# ENTRIES PROVIDED

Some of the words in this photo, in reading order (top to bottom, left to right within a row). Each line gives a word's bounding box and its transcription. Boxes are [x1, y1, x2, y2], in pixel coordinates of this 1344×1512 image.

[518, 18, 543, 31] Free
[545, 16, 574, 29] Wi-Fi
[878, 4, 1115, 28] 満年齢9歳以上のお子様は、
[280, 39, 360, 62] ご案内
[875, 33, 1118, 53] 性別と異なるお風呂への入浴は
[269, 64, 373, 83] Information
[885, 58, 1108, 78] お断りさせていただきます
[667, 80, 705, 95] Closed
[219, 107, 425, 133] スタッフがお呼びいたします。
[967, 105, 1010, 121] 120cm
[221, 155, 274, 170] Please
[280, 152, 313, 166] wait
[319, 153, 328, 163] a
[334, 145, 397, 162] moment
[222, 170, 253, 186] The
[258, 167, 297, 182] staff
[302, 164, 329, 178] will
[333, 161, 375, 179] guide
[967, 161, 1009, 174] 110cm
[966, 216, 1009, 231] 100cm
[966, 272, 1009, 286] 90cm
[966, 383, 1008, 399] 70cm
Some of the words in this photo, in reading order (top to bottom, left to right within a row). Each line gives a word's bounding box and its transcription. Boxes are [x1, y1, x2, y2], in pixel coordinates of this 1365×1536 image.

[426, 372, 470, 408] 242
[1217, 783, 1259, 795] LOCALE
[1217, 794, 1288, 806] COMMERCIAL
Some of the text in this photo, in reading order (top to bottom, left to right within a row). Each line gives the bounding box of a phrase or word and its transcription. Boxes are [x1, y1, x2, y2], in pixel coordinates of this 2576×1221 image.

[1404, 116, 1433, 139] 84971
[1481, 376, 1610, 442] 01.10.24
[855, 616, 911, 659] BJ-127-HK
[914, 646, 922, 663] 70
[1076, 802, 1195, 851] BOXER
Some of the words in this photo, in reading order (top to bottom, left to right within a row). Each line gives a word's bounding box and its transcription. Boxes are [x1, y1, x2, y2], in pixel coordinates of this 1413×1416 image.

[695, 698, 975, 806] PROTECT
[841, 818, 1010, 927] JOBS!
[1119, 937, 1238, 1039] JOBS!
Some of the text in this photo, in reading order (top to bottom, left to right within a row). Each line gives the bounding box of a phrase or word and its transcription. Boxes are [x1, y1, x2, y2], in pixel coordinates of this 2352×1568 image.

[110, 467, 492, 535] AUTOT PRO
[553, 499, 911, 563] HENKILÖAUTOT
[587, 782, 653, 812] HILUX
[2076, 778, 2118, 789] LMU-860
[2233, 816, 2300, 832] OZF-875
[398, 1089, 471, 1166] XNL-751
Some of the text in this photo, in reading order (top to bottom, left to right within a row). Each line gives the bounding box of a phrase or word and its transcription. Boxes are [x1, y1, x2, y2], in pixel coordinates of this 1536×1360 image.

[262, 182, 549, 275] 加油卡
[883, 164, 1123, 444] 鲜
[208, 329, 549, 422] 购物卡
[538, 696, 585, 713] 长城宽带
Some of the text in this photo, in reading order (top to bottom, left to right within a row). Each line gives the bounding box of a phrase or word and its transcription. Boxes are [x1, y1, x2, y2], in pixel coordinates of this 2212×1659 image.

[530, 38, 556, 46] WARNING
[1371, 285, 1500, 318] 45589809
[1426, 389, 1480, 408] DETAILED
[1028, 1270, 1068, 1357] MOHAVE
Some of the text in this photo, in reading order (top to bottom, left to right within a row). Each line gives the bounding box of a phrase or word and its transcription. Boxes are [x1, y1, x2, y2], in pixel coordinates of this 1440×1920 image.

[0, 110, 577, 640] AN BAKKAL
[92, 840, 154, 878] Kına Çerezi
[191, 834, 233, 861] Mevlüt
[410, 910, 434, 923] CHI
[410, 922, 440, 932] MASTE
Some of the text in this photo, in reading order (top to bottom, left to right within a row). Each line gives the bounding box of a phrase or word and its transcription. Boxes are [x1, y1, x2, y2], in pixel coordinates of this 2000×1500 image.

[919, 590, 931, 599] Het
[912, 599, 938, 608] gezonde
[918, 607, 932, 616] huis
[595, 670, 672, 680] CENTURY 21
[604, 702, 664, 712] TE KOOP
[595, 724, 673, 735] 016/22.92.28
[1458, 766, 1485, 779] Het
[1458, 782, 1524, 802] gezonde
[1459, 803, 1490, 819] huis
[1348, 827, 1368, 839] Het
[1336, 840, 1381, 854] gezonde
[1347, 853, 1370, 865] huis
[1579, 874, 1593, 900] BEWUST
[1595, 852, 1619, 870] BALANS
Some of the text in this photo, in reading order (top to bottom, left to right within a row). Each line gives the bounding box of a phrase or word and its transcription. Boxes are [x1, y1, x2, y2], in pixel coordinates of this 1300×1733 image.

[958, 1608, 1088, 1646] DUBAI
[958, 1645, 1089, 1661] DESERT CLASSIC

# ACTION ITEM
Reproduce, word for word, every line starting at the line that contains "this 2000×1500 image." and ending with the final line of the entries.

# SOLUTION
Some of the text in this photo, in reading order (top to bottom, left to right within a row). Each line gives the bounding box of a phrase or word and its transcription. Boxes are [x1, y1, x2, y2], in pixel coordinates of this 2000×1500 image.

[919, 590, 931, 599] Het
[912, 599, 938, 608] gezonde
[918, 607, 932, 616] huis
[595, 670, 672, 680] CENTURY 21
[604, 702, 664, 712] TE KOOP
[595, 724, 673, 735] 016/22.92.28
[1458, 766, 1485, 779] Het
[1458, 782, 1524, 802] gezonde
[1459, 803, 1490, 819] huis
[1348, 827, 1368, 839] Het
[1336, 840, 1381, 854] gezonde
[1347, 853, 1370, 865] huis
[1579, 874, 1593, 900] BEWUST
[1595, 852, 1619, 870] BALANS
Some of the text in this photo, in reading order (top to bottom, left to right within a row). Each line gives the bounding box of a phrase or word and its transcription. Boxes are [x1, y1, x2, y2], in pixel coordinates of this 1300×1733 image.

[958, 1608, 1088, 1646] DUBAI
[958, 1645, 1089, 1661] DESERT CLASSIC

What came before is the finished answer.